## Exercise aim
In your copy of the entries, please include no pictures and return every word exactly.

## Recorded information
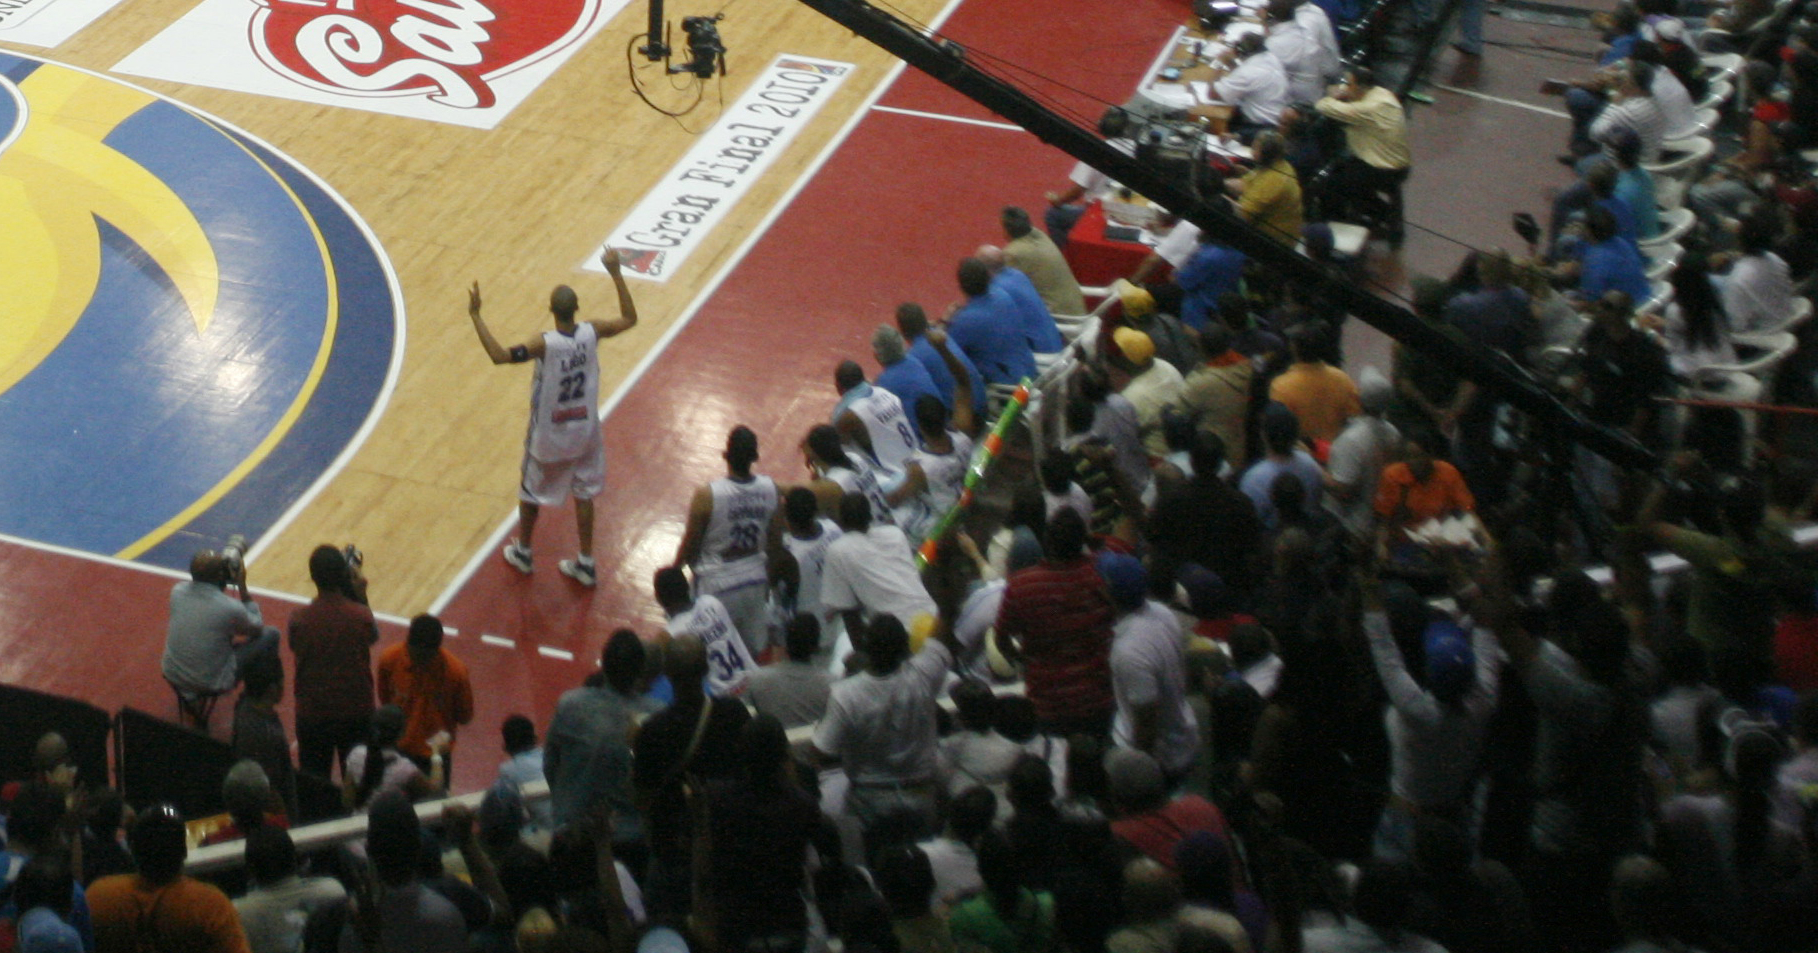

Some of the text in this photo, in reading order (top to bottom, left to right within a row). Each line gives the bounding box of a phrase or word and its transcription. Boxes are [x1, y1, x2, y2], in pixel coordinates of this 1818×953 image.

[625, 70, 828, 248] Gran Final 2010
[558, 371, 586, 402] 22
[897, 421, 914, 448] 8
[709, 639, 745, 680] 34
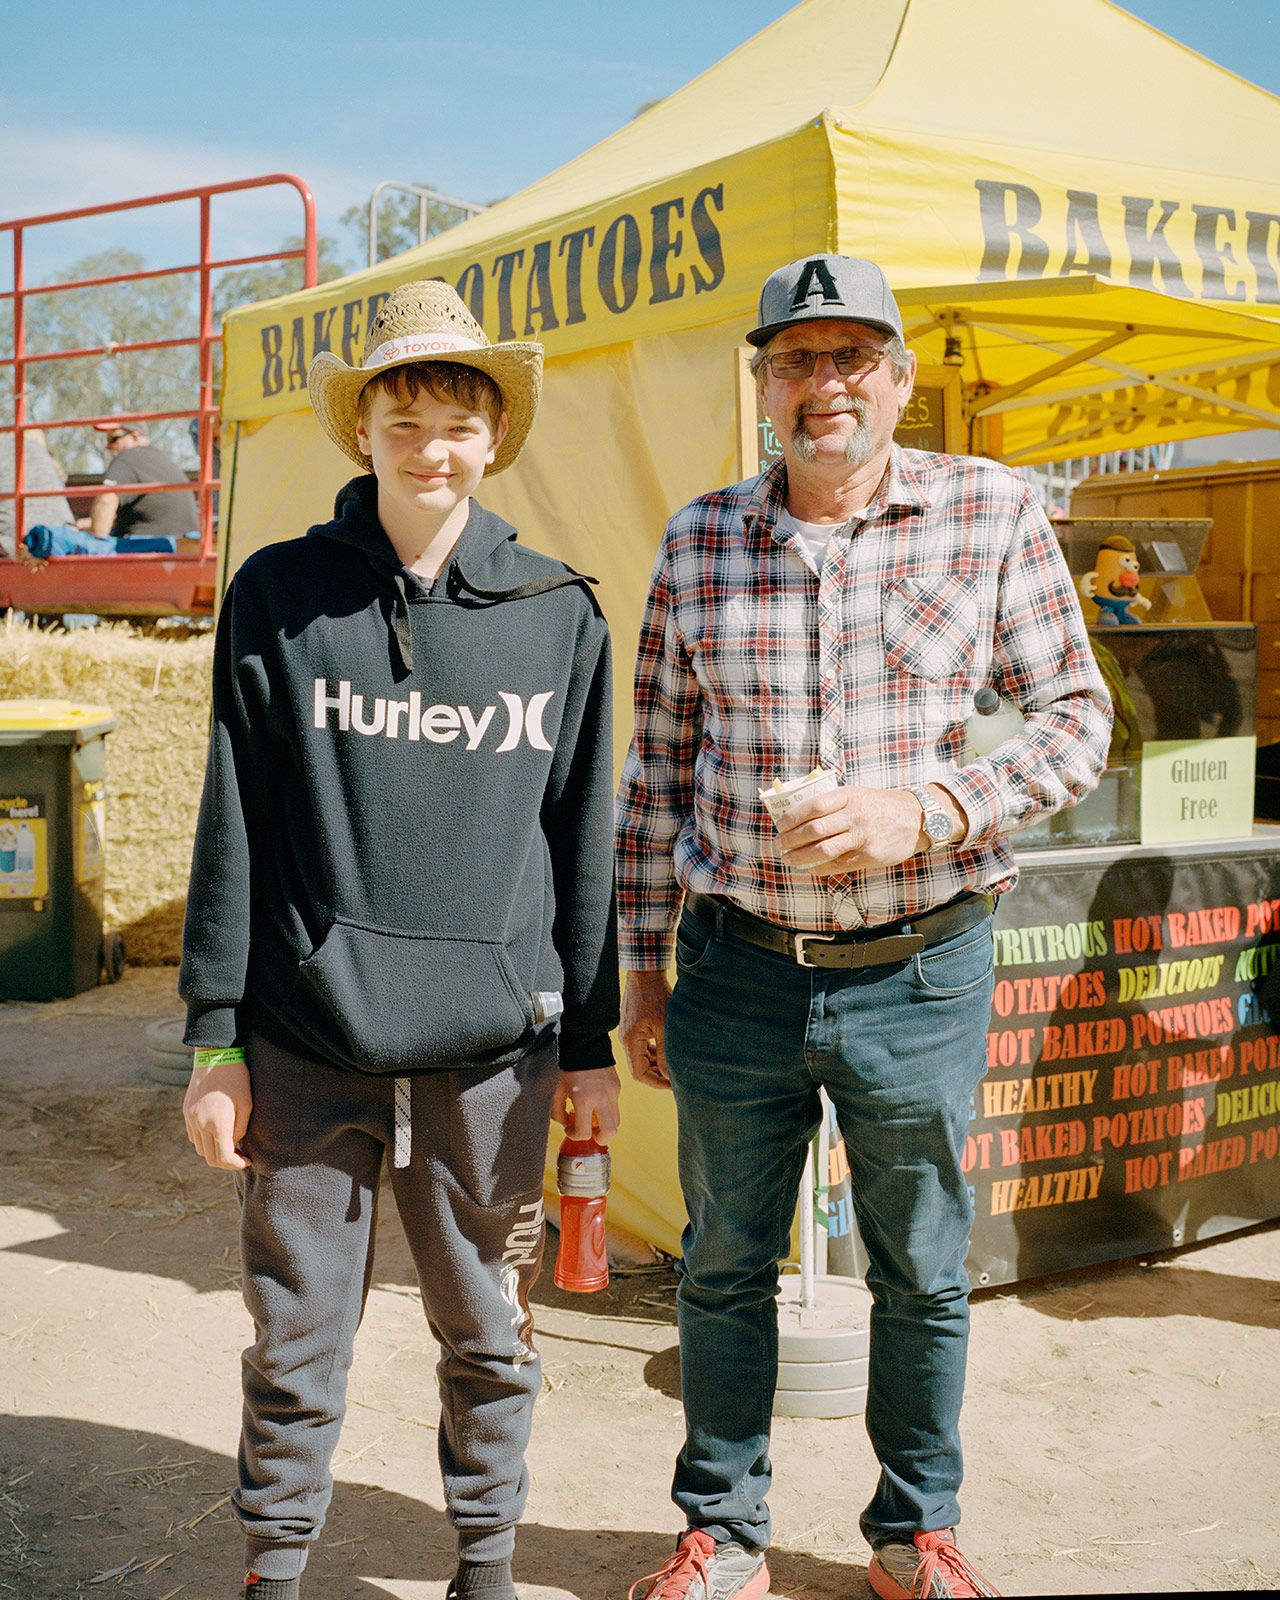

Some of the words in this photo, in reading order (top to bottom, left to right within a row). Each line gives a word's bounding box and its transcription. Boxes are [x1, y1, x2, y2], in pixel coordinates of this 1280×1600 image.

[430, 182, 724, 341] OTATOES
[788, 259, 846, 313] A
[403, 341, 458, 354] TOYOTA
[314, 678, 497, 751] Hurley
[1171, 759, 1227, 784] Gluten
[1180, 796, 1217, 821] Free
[1113, 915, 1163, 955] HOT
[1167, 906, 1241, 949] BAKED
[991, 970, 1106, 1018] OTATOES
[1117, 954, 1225, 1003] DELICIOUS
[1041, 1017, 1127, 1062] BAKED
[1130, 997, 1234, 1050] POTATOES
[982, 1069, 1099, 1119] HEALTHY
[1112, 1059, 1162, 1100] HOT
[1166, 1045, 1234, 1091] BAKED
[960, 1132, 994, 1173] OT
[1000, 1120, 1087, 1167] BAKED
[1092, 1097, 1206, 1152] POTATOES
[990, 1165, 1104, 1216] HEALTHY
[1124, 1151, 1173, 1194] HOT
[1177, 1135, 1246, 1182] BAKED
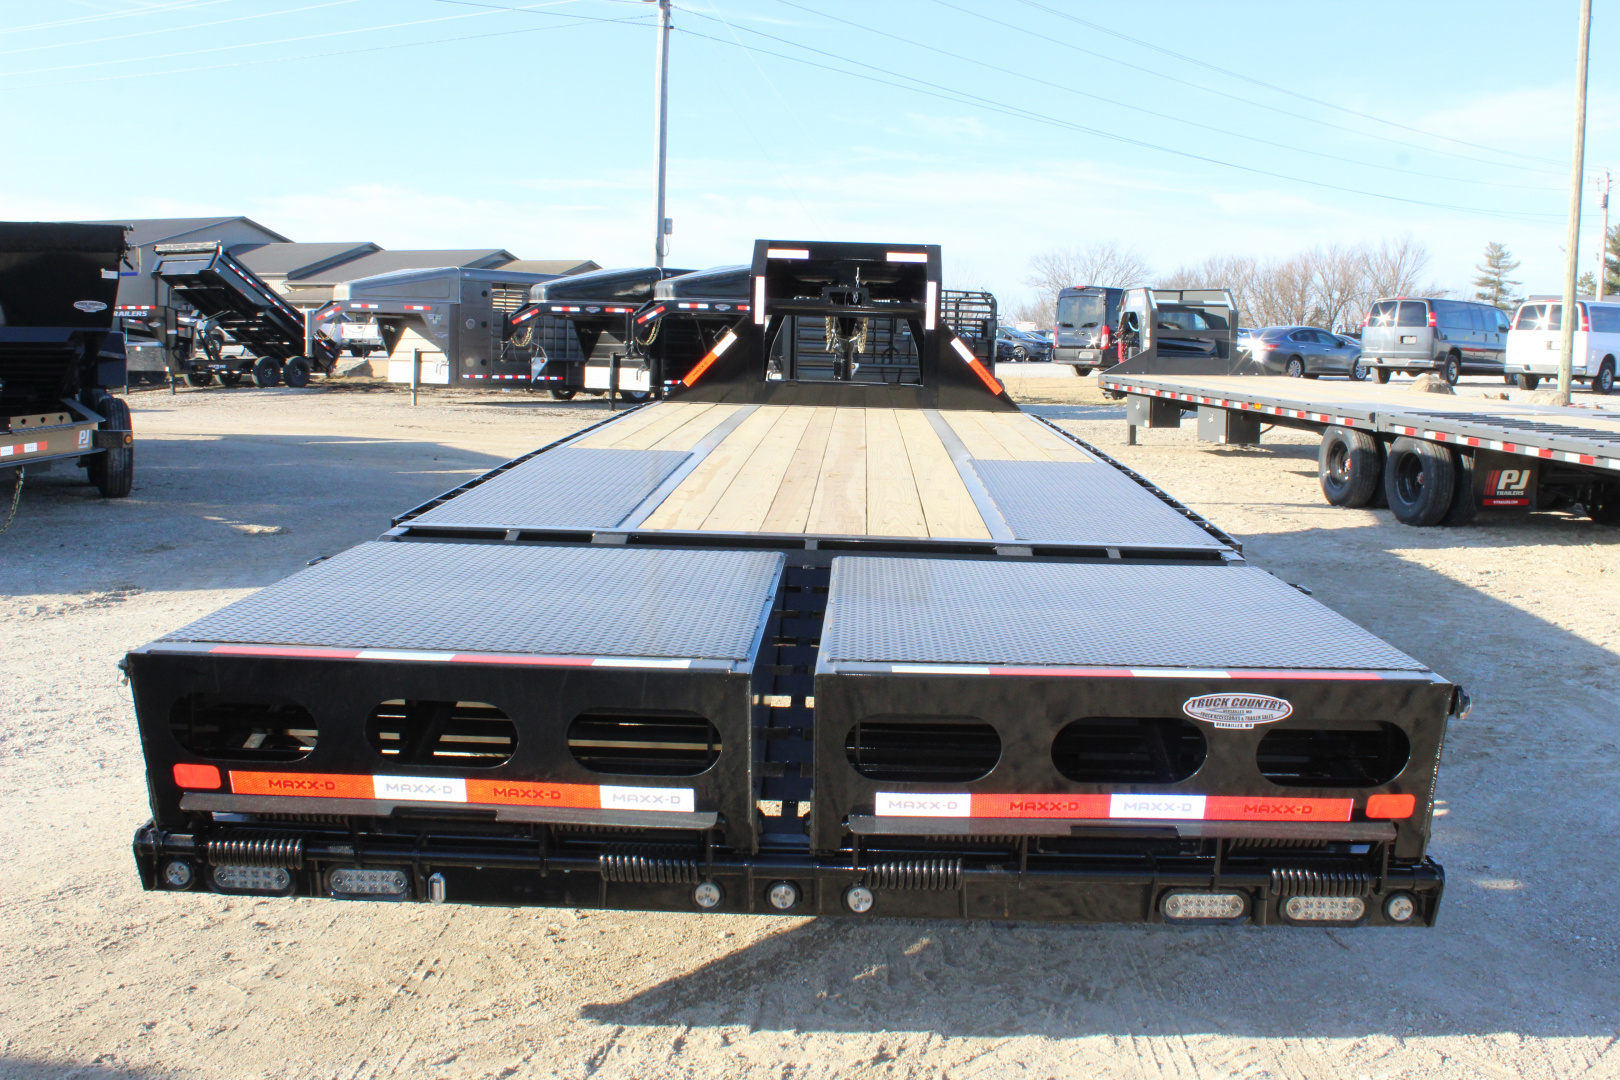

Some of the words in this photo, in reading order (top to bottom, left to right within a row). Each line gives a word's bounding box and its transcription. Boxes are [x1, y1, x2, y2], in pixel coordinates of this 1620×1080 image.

[79, 429, 91, 444] PJ
[1497, 469, 1531, 490] PJ
[1191, 698, 1230, 708] TRUCK
[1231, 698, 1286, 710] COUNTRY
[268, 779, 336, 791] MAXX-D
[386, 782, 453, 795] MAXX-D
[493, 787, 562, 800] MAXX-D
[612, 793, 681, 805] MAXX-D
[888, 800, 958, 810] MAXX-D
[1009, 801, 1080, 811] MAXX-D
[1123, 801, 1193, 812] MAXX-D
[1243, 803, 1313, 815] MAXX-D
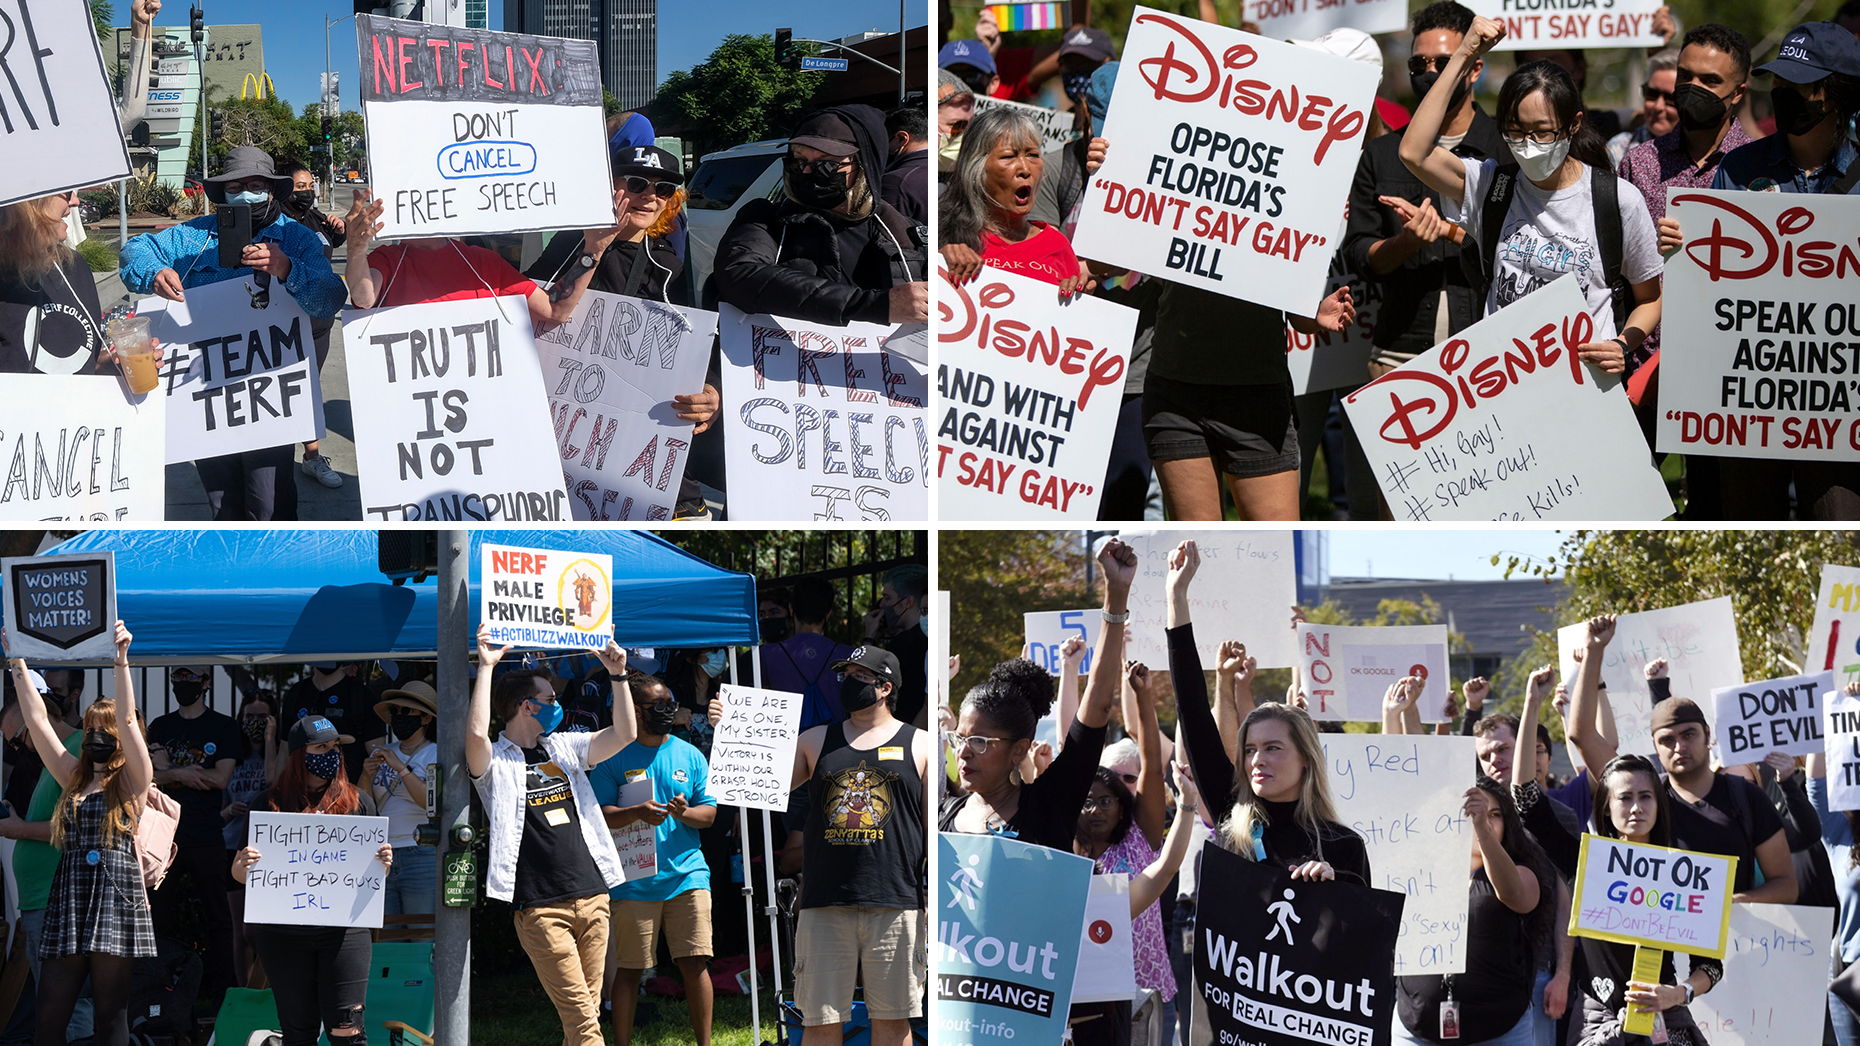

## Answer to this task
Some of the text in this photo, in reading order (top to bottom, left to right within a row). Each line gives the bounding box of a phrase or word and its transcription. Boxes are [x1, y1, x2, y2], in pixel coordinates of this 1818×953 image.

[625, 70, 828, 248] Gran Final 2010
[558, 371, 586, 402] 22
[897, 421, 914, 448] 8
[709, 639, 745, 680] 34

Some of the words in this photo, in reading order (top to bottom, left to right within a row). Each line gives a word's bounding box and its transcription. Boxes are [x1, y1, x2, y2], in pixel coordinates of this 1280×1600 image.

[430, 182, 724, 341] OTATOES
[788, 259, 846, 313] A
[403, 341, 458, 354] TOYOTA
[314, 678, 497, 751] Hurley
[1171, 759, 1227, 784] Gluten
[1180, 796, 1217, 821] Free
[1113, 915, 1163, 955] HOT
[1167, 906, 1241, 949] BAKED
[991, 970, 1106, 1018] OTATOES
[1117, 954, 1225, 1003] DELICIOUS
[1041, 1017, 1127, 1062] BAKED
[1130, 997, 1234, 1050] POTATOES
[982, 1069, 1099, 1119] HEALTHY
[1112, 1059, 1162, 1100] HOT
[1166, 1045, 1234, 1091] BAKED
[960, 1132, 994, 1173] OT
[1000, 1120, 1087, 1167] BAKED
[1092, 1097, 1206, 1152] POTATOES
[990, 1165, 1104, 1216] HEALTHY
[1124, 1151, 1173, 1194] HOT
[1177, 1135, 1246, 1182] BAKED

Some of the words in this photo, in reading order (top to bottom, left to right within a row). Each line gives a word's bounding box and its transcription. Boxes are [x1, y1, x2, y2], in pixel coordinates of this 1620×1080 image.

[79, 429, 91, 444] PJ
[1497, 469, 1531, 490] PJ
[1191, 698, 1230, 708] TRUCK
[1231, 698, 1286, 710] COUNTRY
[268, 779, 336, 791] MAXX-D
[386, 782, 453, 795] MAXX-D
[493, 787, 562, 800] MAXX-D
[612, 793, 681, 805] MAXX-D
[888, 800, 958, 810] MAXX-D
[1009, 801, 1080, 811] MAXX-D
[1123, 801, 1193, 812] MAXX-D
[1243, 803, 1313, 815] MAXX-D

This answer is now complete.